Friday, August 2, 2013

Evidence that Market Participants Assess Recognized and Disclosed Items Similarly when Reliability is Not an Issue

ABSTRACT

We provide evidence that disclosed items are not processed differently from recognized items when the disclosures are salient, not based on management estimates, and amenable to simple techniques for imputing as-if recognized amounts. For a sample of firms with both capital and operating leases, we find that as-if recognized amounts for leases are generally reliable and that both recognized lease obligations and disclosed lease obligations are associated with proxies for costs of debt and equity.
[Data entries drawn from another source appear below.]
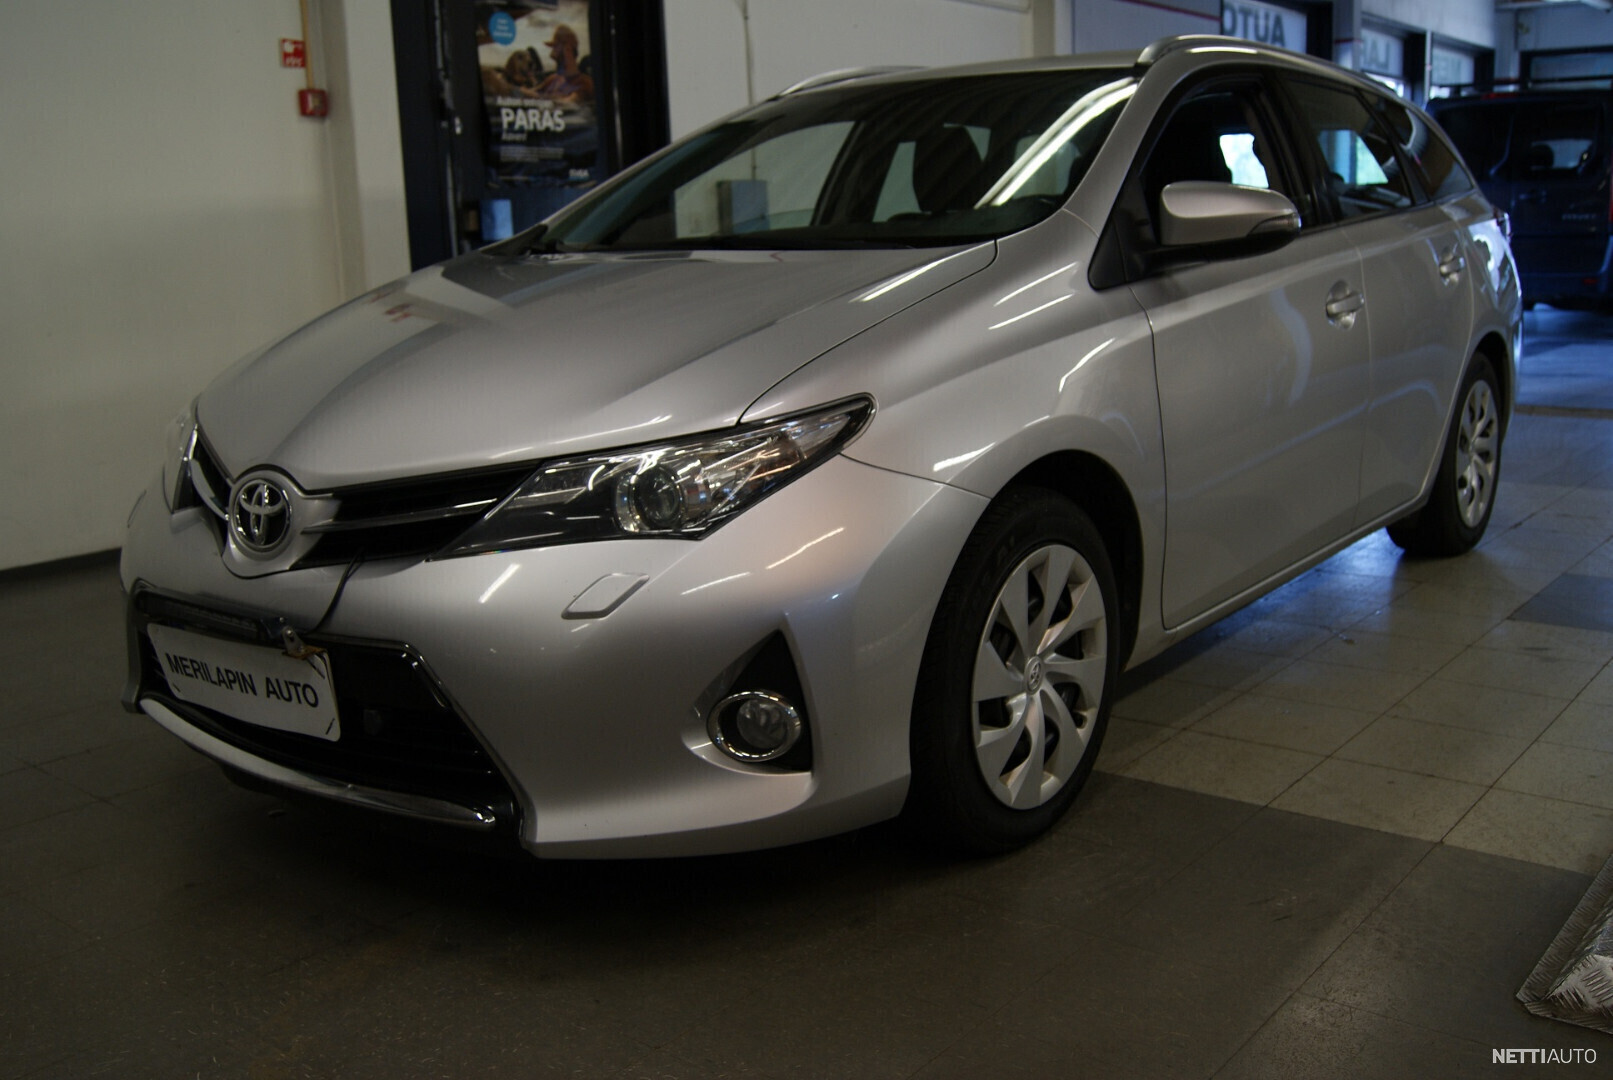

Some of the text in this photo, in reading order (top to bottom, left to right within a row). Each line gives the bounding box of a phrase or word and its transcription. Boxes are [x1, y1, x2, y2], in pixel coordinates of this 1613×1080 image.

[500, 107, 566, 133] PARAS
[165, 653, 319, 708] MERILAPIN AUTO
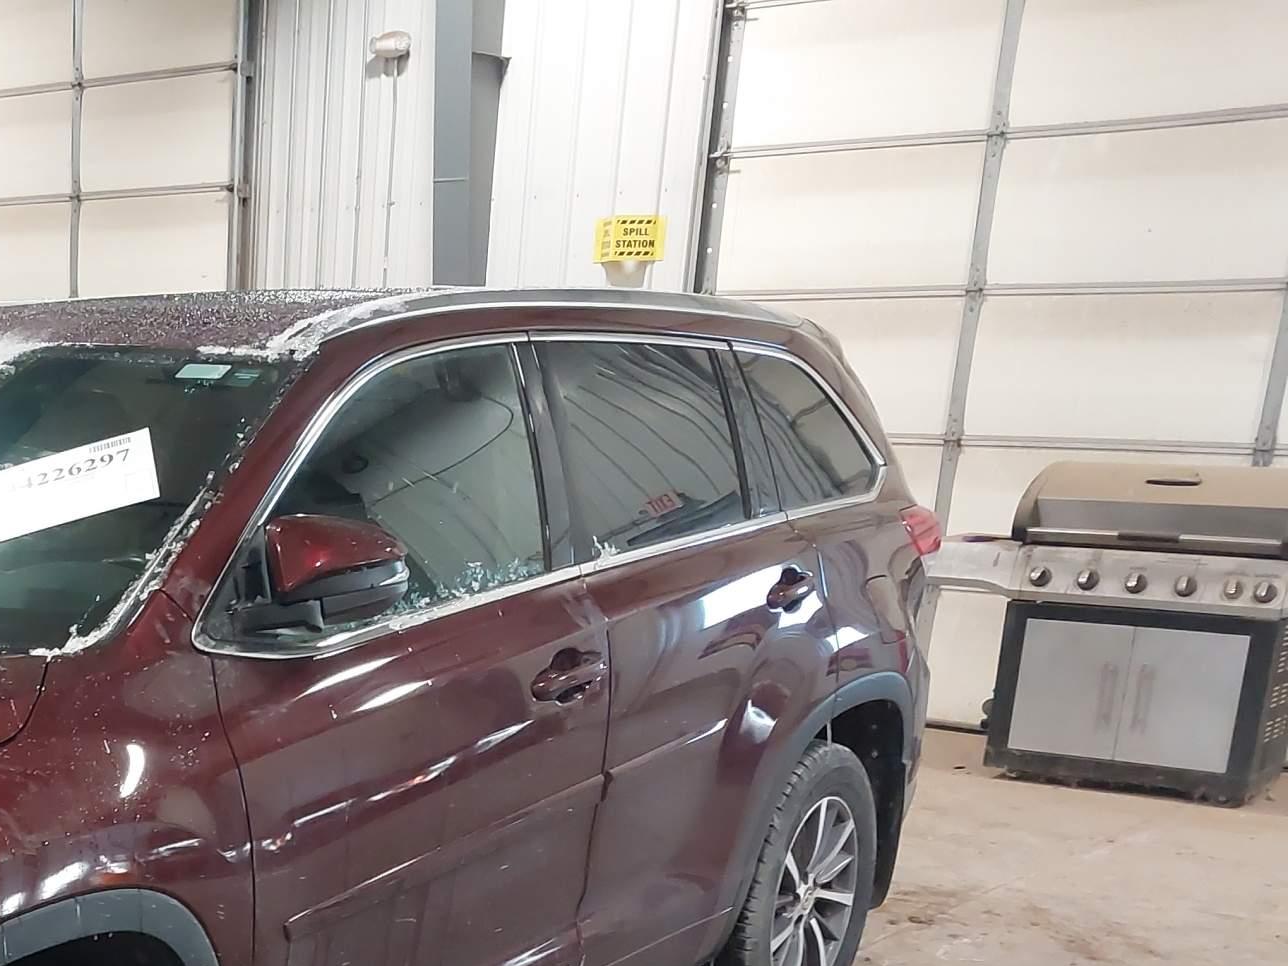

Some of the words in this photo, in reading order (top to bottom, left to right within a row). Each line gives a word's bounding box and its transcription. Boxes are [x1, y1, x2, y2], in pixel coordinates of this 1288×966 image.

[623, 227, 649, 236] SPILL
[615, 239, 655, 248] STATION
[10, 448, 130, 491] 4226297
The magnitudes of these associations are not statistically different across accounting treatments, suggesting that market participants impound as-if recognized operating lease obligations and recognized capital lease obligations similarly into costs of capital. Conditioning on the reliability of as-if recognized operating lease obligations, we find a difference in the association between recognized versus as-if recognized lease obligations and proxies for the costs of debt and equity when the operating lease disclosures are less reliable.

Keywords :  recognition vs. disclosure, reliability, leases, costs of capital

Source : Brian Bratten, Preeti Choudhary, and Katherine Schipper (2013) Evidence that Market Participants Assess Recognized and Disclosed Items Similarly when Reliability is Not an Issue. The Accounting Review: July 2013, Vol. 88, No. 4, pp. 1179-1210.